The Mechanism by which TATA-Box Polymorphisms Associated with Human Hereditary Diseases Influence Interactions with the TATA-Binding Protein

摘要

SNPs in TATA boxes are the cause of monogenic diseases, contribute to a large number of complex diseases, and have implications for human sensitivity to external and internal environmental signals. The aim of this work was to explore the kinetic characteristics of the formation of human TVR complexes with TATA boxes, in which the SNPs are associated with β-thalassemias of diverse severity, immunosuppression, neurological disorders, and so on.
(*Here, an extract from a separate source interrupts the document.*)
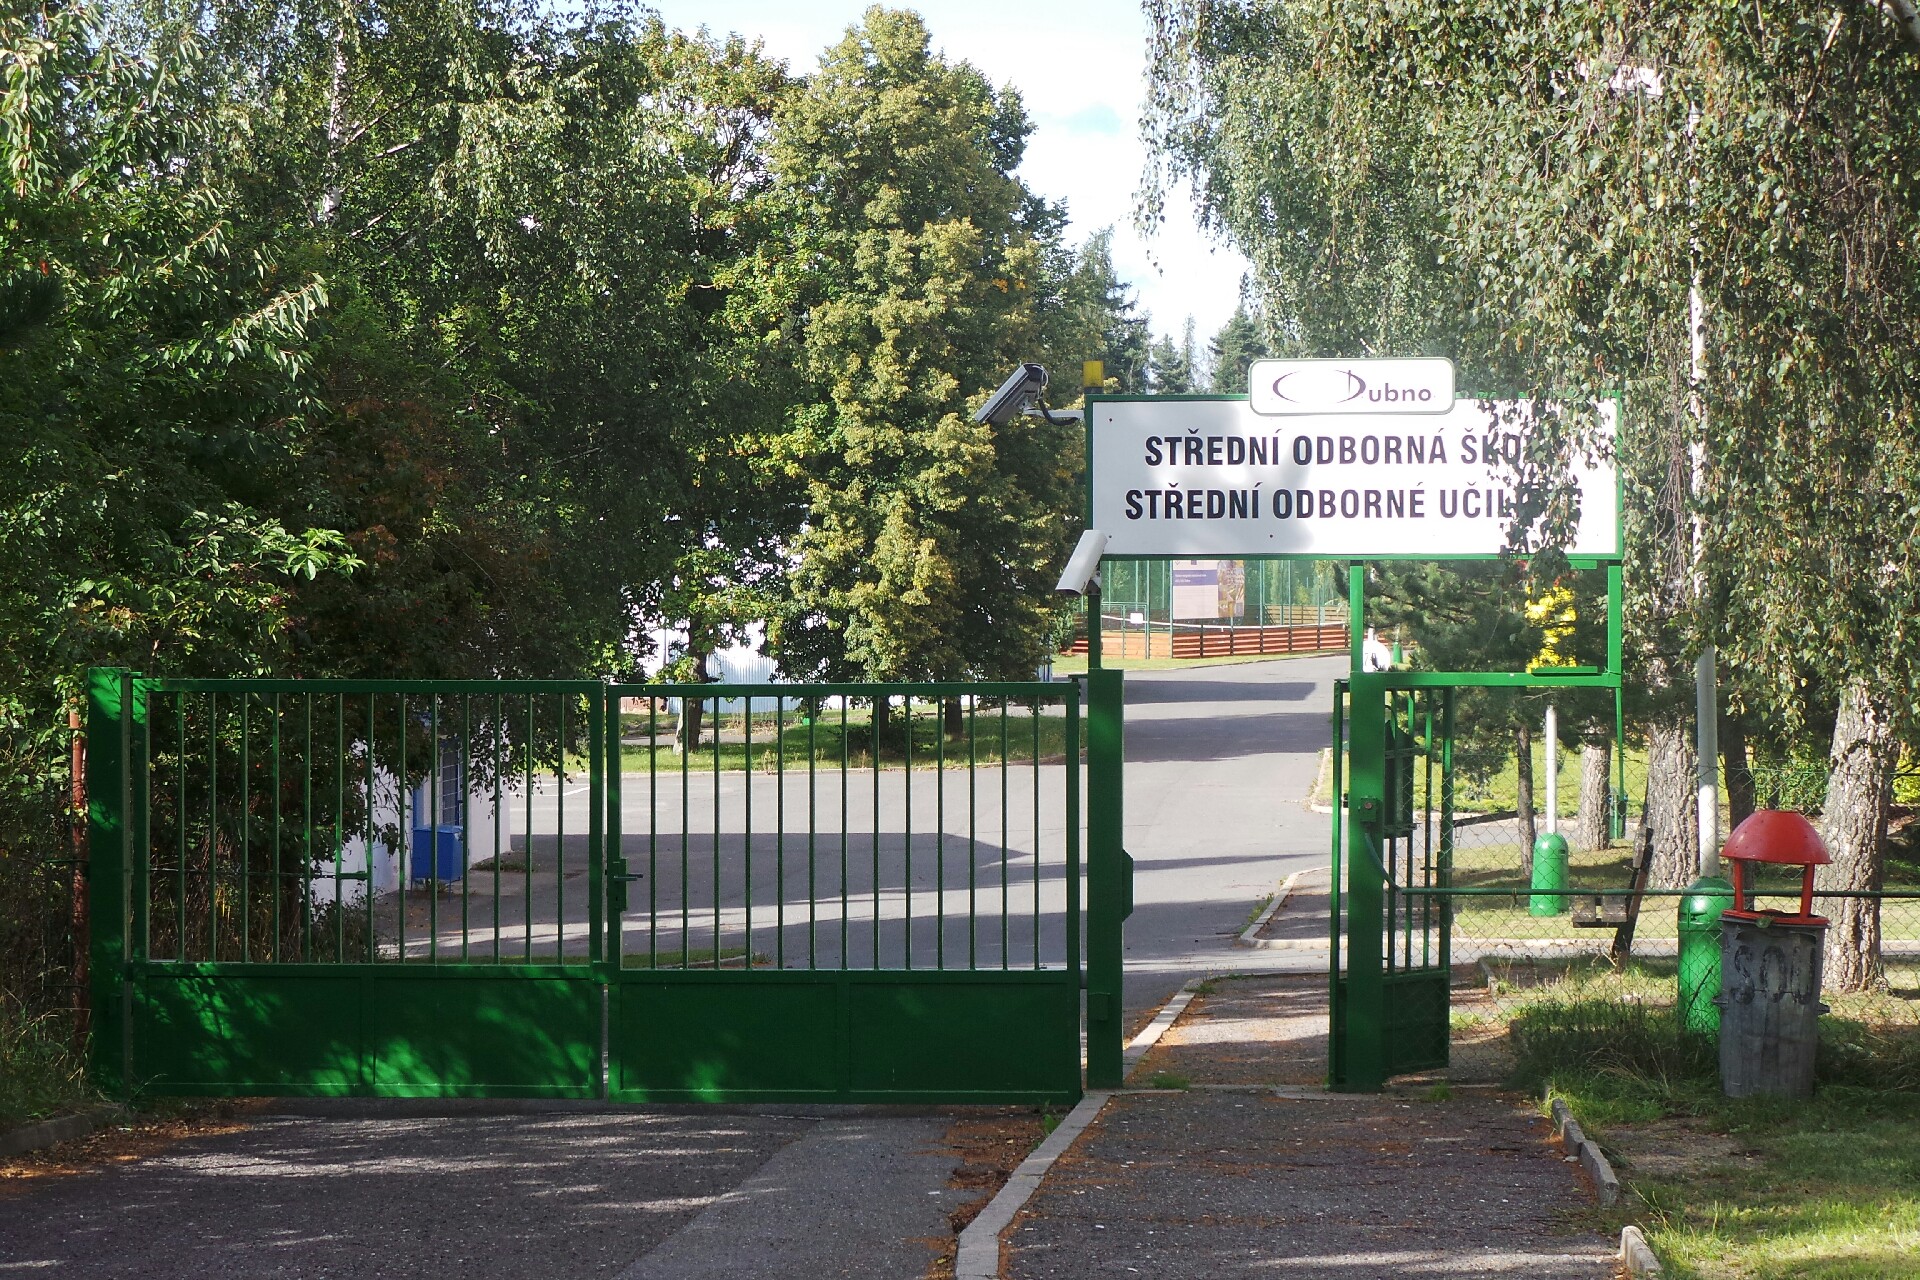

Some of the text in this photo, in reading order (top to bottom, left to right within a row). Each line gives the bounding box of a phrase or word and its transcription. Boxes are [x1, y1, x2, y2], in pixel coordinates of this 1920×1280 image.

It has for the first time been demonstrated, using an electrophoretic mobility shift assay, that TBP interacts with SNP-containing TATA boxes with a significant (8-36-fold) decrease in TBP/TATA association rate constant (ka) as compared with that in healthy people, a smaller decrease in dissociation rate constant (kd) and changes in the half-lives of TBP/TATA complexes. Carriers of the -24G allele (rs 1800202TG) in the TATA box of the triosephosphate isomerase gene promoter, associated with neurological and muscular disorders, were observed to have a 36-fold decrease in TBP/TATA association rate constant that are consistent with TPI deficiency shown for patients who carry this defective allele. The kinetic characteristics of TBP/TATA complexes obtained suggest that, at a molecular level, hereditary diseases are largely caused by changes in TBP/TATA association rates and these changes have a bearing on disease severity.